Taking this into consideration, the solution is essentially doing what was described in XXX-1 within the framework of the specialization. Most often the problem can be solved by working with source persons or material directly within the special area, but sometimes the nature of the specialization will suggest the availability of peripheral sources. A search for labor leaders might well start by getting names from an employer; engineers might be located though talking to industrialists; educators through contact with municipal officials.

The special sections of this manual dealing with such groups as the bureaucracy, military, etc. will offer many additional suggestions which could be used even though the operator were faced with lack of knowledge of the special elite and severe time limitations.

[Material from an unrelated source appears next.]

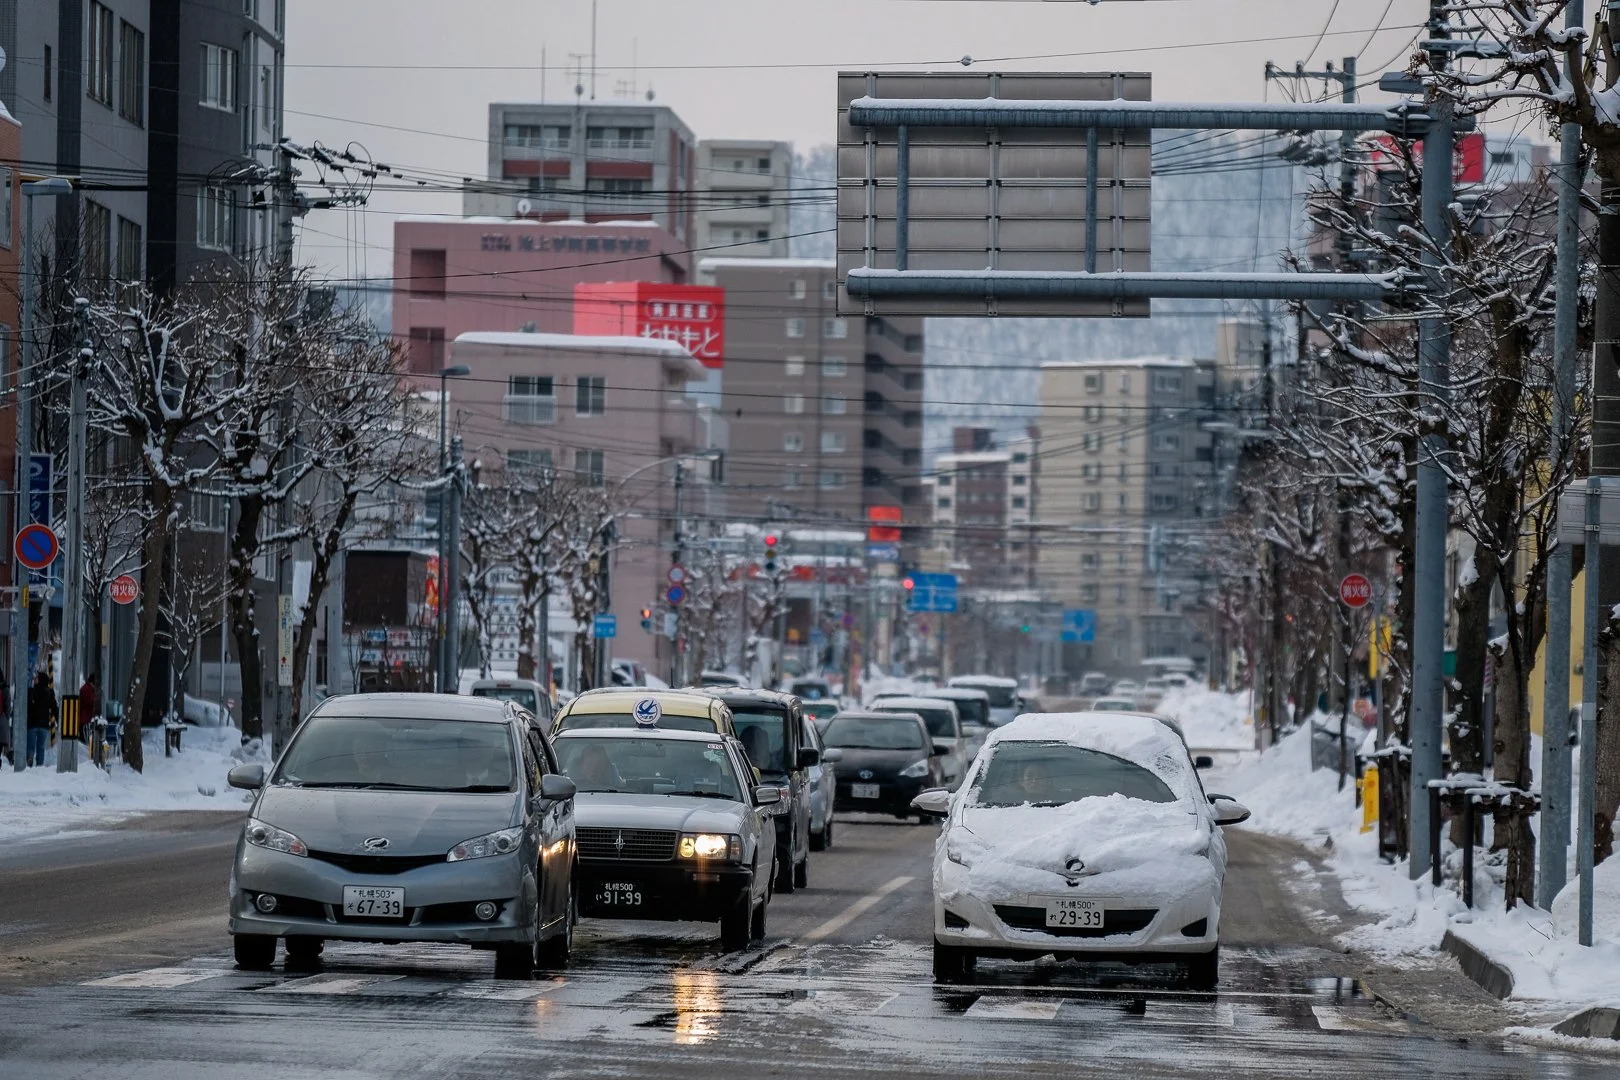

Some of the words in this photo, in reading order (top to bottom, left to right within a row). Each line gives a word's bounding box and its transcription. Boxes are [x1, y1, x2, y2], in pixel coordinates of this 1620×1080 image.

XXX-6. Continuing emergencies. Finally, it should be noted that years of analysis and operation will not remove emergencies. Elites change composition. The non-relevant group of yesterday becomes the relevant group of today. Sub-elites challenge top influentials; obscure persons rise to power. Well-worn channels suddenly clog or lead to dead ends.

The Composition of the elite and its manner of operation is a dynamic thing, hanging as the result of many internal and external factors. While many of these changes can be anticipated by the operator, others inevitably will not be, and he will find "emergency" intelligence procedures necessary.